In [1]:
import torch
import torch.nn as nn
import torch.nn.functional as F
import numpy as np

# 1. ReLU Grad

In [2]:
class ReluGrad(nn.Module):
    def __init__(self):
        super(ReluGrad, self).__init__()

    def forward(self, dY, X):
        """
        Compute the gradient of the ReLU function.

        Args:
            dY (Tensor): Gradient with respect to the output of ReLU.
            X (Tensor): Input tensor to ReLU.

        Returns:
            Tensor: Gradient with respect to the input of ReLU.
        """
        # Ensure dY and X are on the same device and dtype
        #dY = dY.to(X.device)
        
        # Compute dX using the ReLU gradient formula
        dX = torch.where(X > 0, dY, torch.zeros_like(dY))
        
        return dX

In [3]:
# Example usage
dY = torch.randn(2, 3)  # Gradient w.r.t.
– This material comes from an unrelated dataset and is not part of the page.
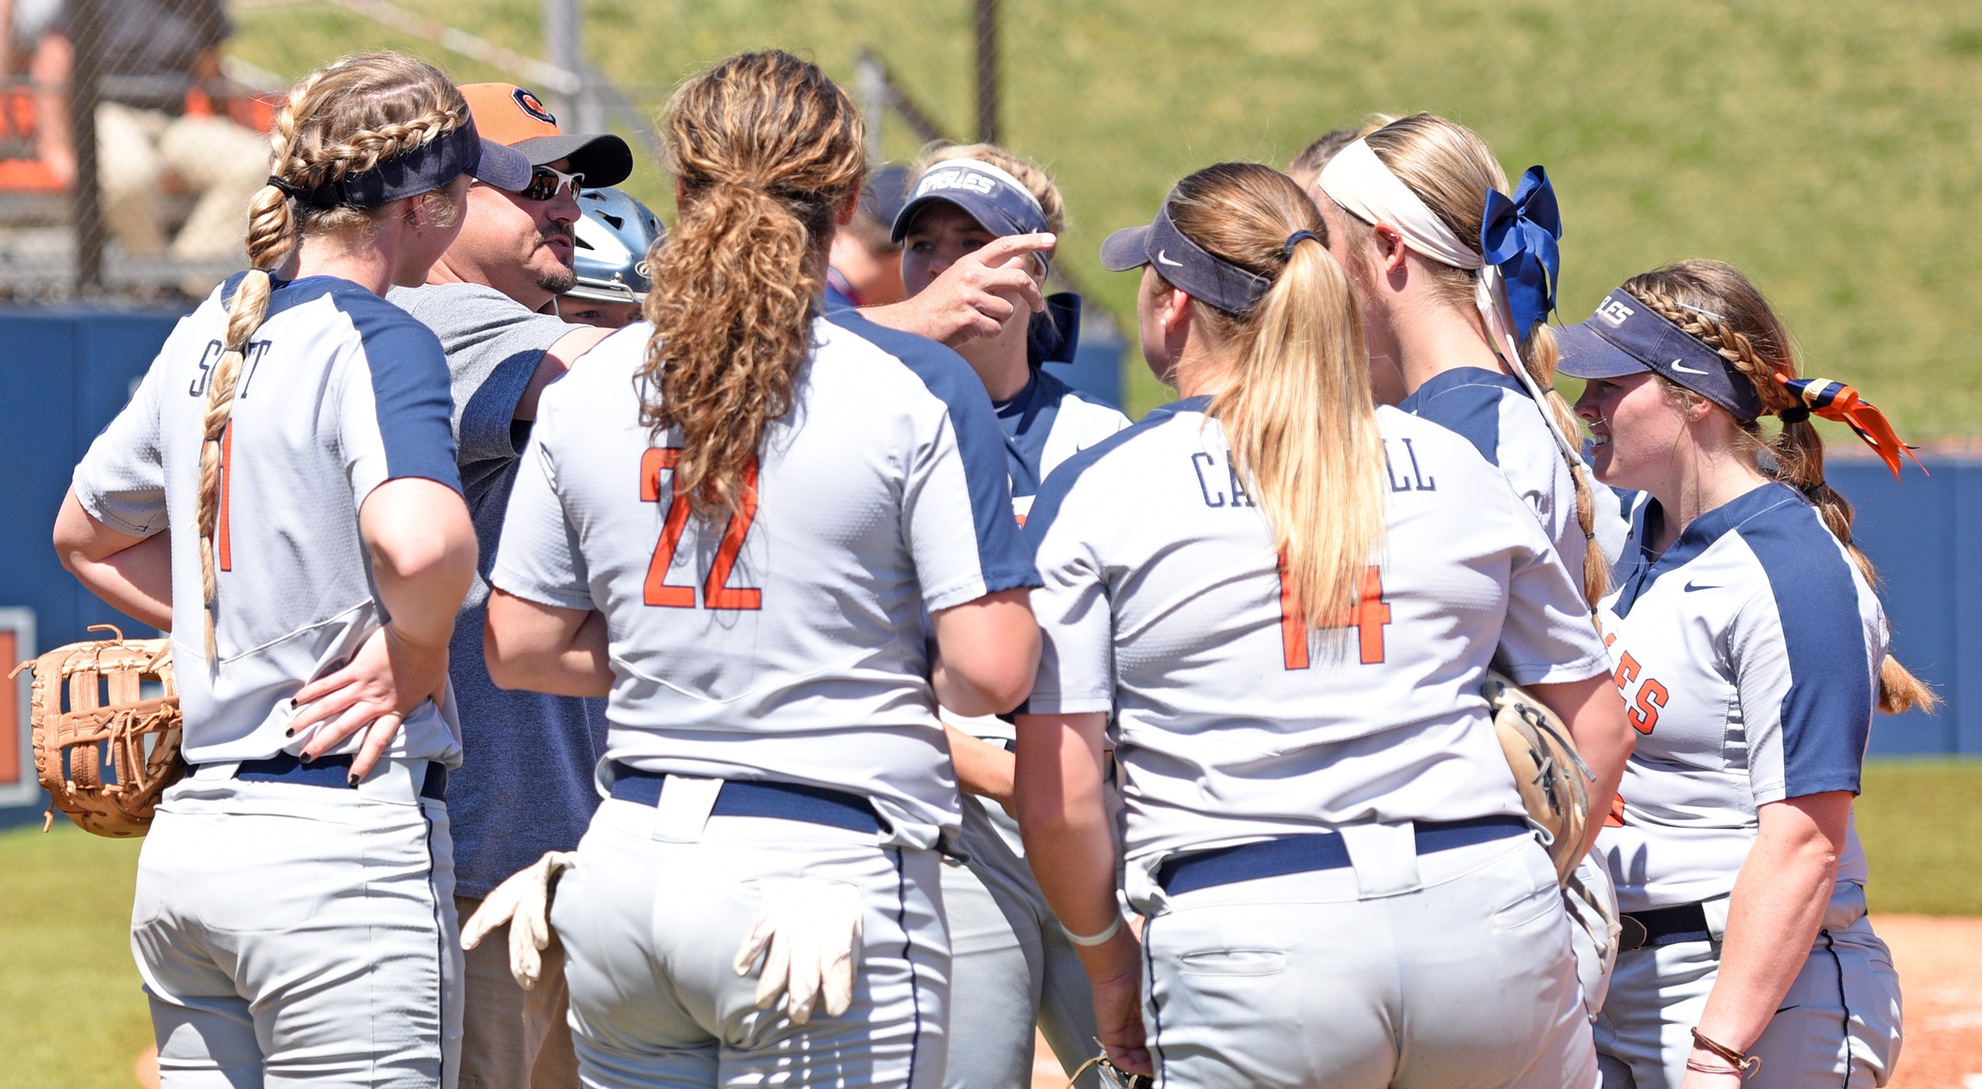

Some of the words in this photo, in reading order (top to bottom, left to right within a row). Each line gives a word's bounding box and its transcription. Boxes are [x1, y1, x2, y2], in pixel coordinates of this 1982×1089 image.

[916, 170, 996, 197] EAGLES
[640, 447, 762, 610] 22
[1277, 542, 1391, 671] 14
ReLU output
X = torch.randn(2, 3)   # Input tensor to ReLU

# Create ReluGrad object
relu_grad = ReluGrad()
dX = relu_grad(dY, X)

print("dY:",dY)
print("X:",X)
print("dX:",dX)

dY: tensor([[-1.5239, -0.5434, -1.0209],
        [-0.8136, -1.0139,  0.9791]])
X: tensor([[-0.5237,  2.0639, -0.1120],
        [-0.1539,  0.6541, -0.0548]])
dX: tensor([[ 0.0000, -0.5434,  0.0000],
        [ 0.0000, -1.0139,  0.0000]])


# 2. QuickGeLU Grad 

In [4]:
class QuickGELU(nn.Module):
    def forward(self, x):
        return x * torch.sigmoid(1.702*x)

### Torch gradient

In [5]:
x = torch.linspace(-5, 5, 5, requires_grad=True) # requires_grad=True
act = QuickGELU()
out = act(x)
out.backward(torch.ones_like(x)) # out
x_grad = x.grad 
print(np.round(x_grad,3))

tensor([-0.0020, -0.0450,  0.5000,  1.0450,  1.0020])


### Manual gradient

In [6]:
def sigmoid(x):
    """Compute the sigmoid function."""
    return 1 / (1 + np.exp(-x))

def quickgelu(x):
    """Compute the QuickGELU activation function."""
    return x * sigmoid(1.702*x)

def quickgelu_grad(x):
    """Compute the gradient of the QuickGELU function."""
    sig = sigmoid(1.702*x)
    grad = sig + x * sig * (1 - sig)*1.702
    return grad

# Example usage:
x = np.linspace(-5, 5, 5)
grad = quickgelu_grad(x)
print("Gradient of QuickGELU function:\n", np.round(grad,3))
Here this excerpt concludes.